Task item
I would like every record reproduced exactly, with the pictures left out.

Information provided
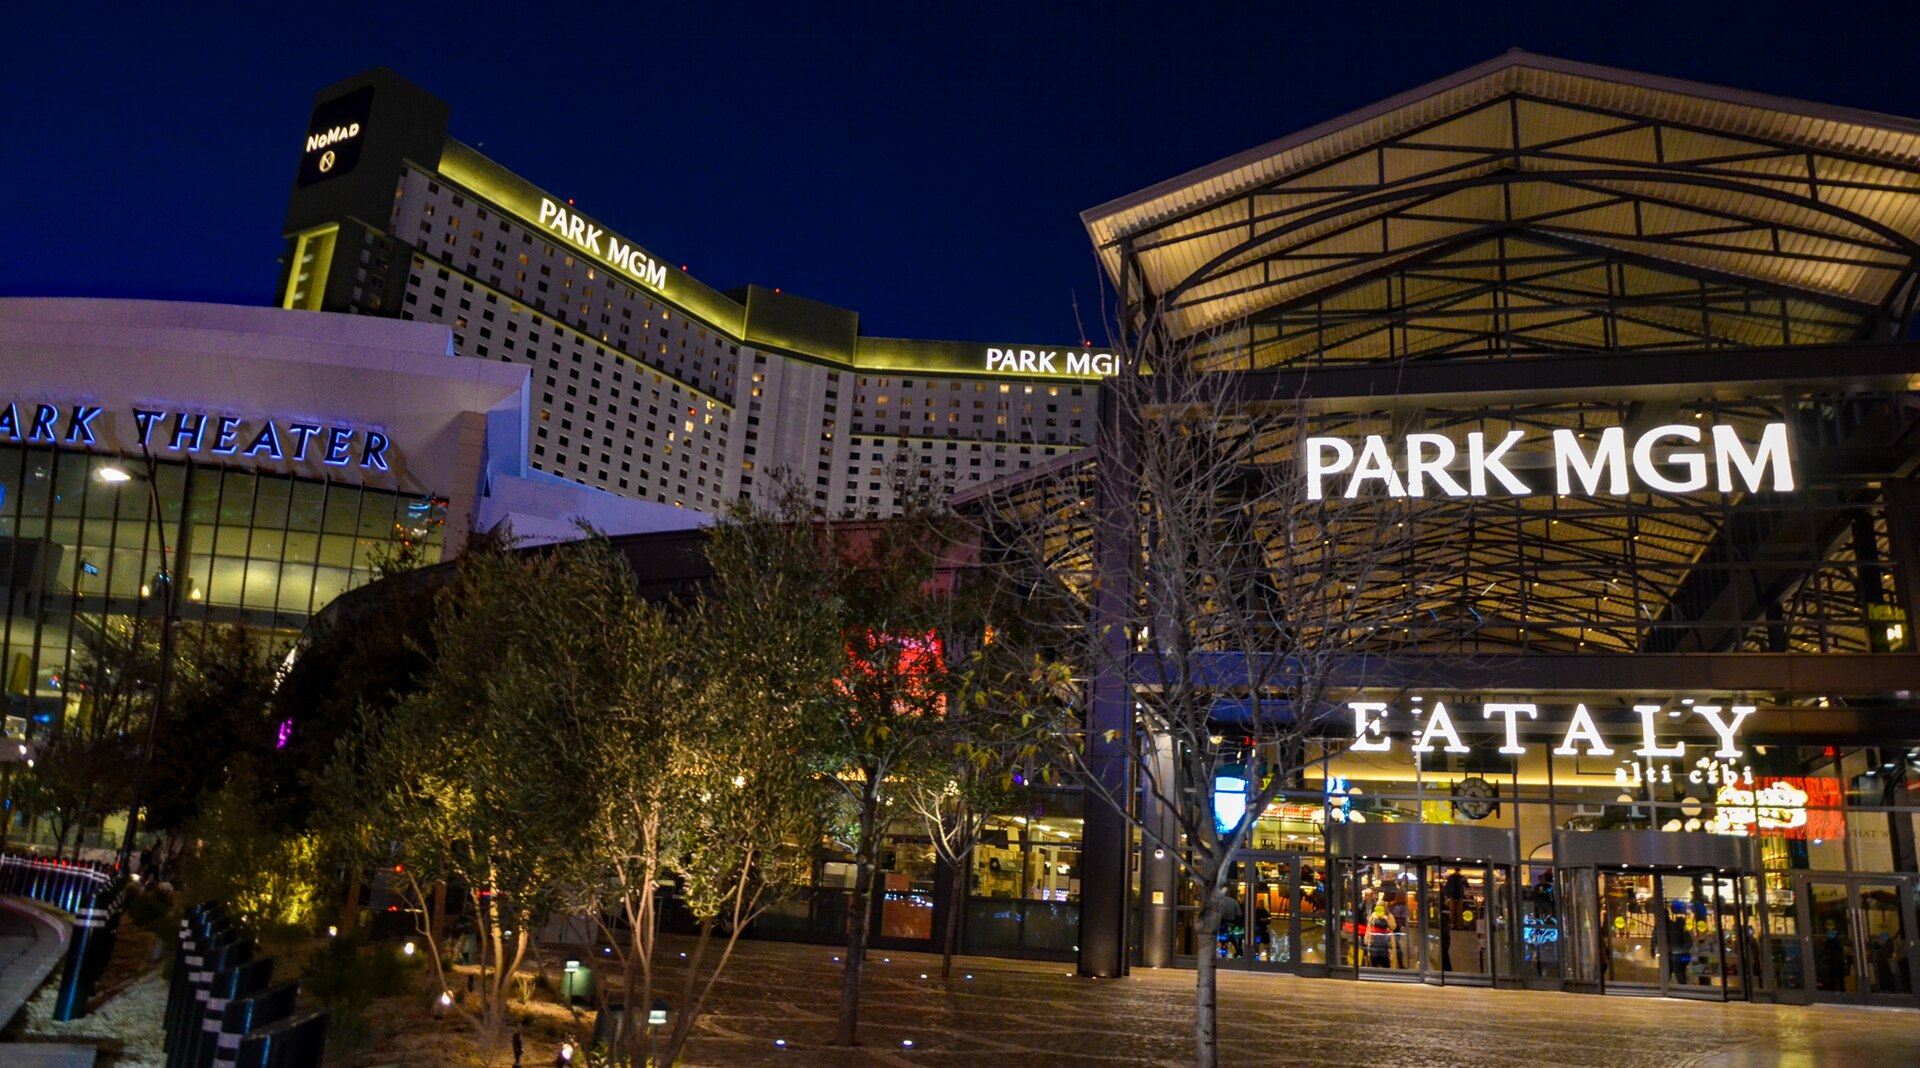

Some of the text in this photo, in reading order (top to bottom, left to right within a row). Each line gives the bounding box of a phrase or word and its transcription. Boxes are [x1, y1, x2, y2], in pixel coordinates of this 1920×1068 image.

[539, 197, 667, 290] PARK MGM
[985, 348, 1058, 374] PARK
[135, 408, 390, 471] THEATER
[1306, 423, 1795, 500] PARK MGM
[1347, 701, 1757, 758] EATALY
[1614, 761, 1754, 787] alti cibi
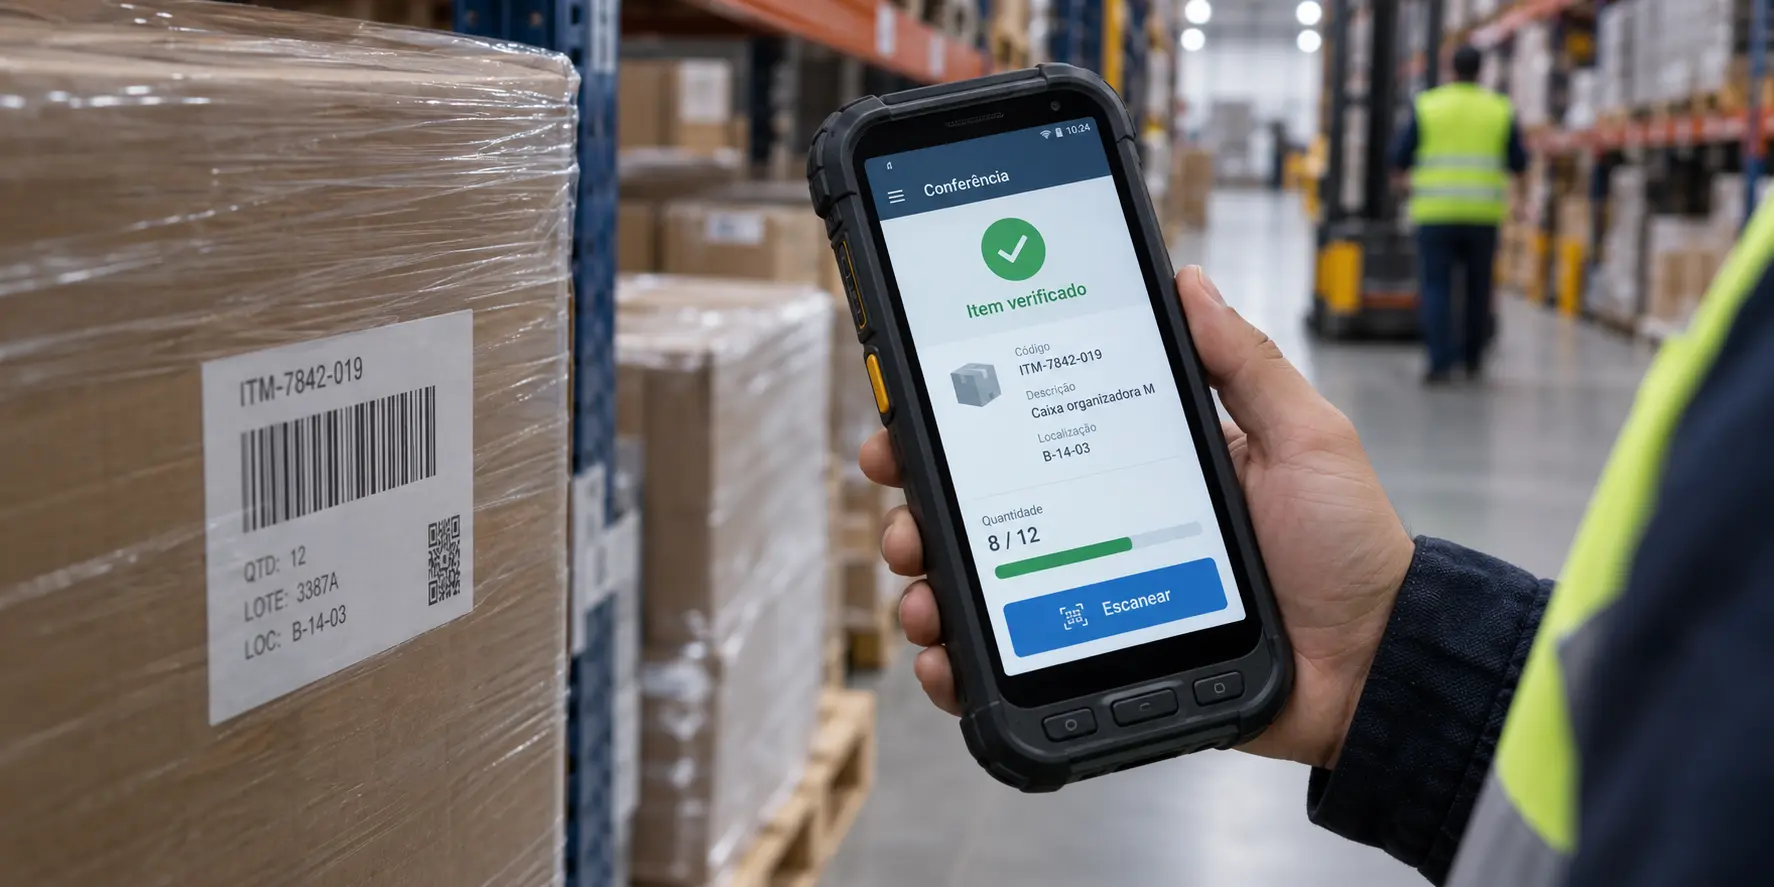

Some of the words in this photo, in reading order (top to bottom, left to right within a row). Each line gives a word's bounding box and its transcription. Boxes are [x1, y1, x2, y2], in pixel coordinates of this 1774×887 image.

Exercise solution
Some of the text in this photo, in reading order (top to bottom, left to right within a row). Each line gives the bounding box of a phrase or word and its transcription. Boxes are [x1, y1, x2, y2], in pixel coordinates of this 1920×1068 image.

[539, 197, 667, 290] PARK MGM
[985, 348, 1058, 374] PARK
[135, 408, 390, 471] THEATER
[1306, 423, 1795, 500] PARK MGM
[1347, 701, 1757, 758] EATALY
[1614, 761, 1754, 787] alti cibi

Some of the words in this photo, in reading order (top to bottom, left to right within a row). Each line gives a word's bounding box and its transcription. Boxes are [x1, y1, x2, y2], in pixel coordinates of this 1774×887 image.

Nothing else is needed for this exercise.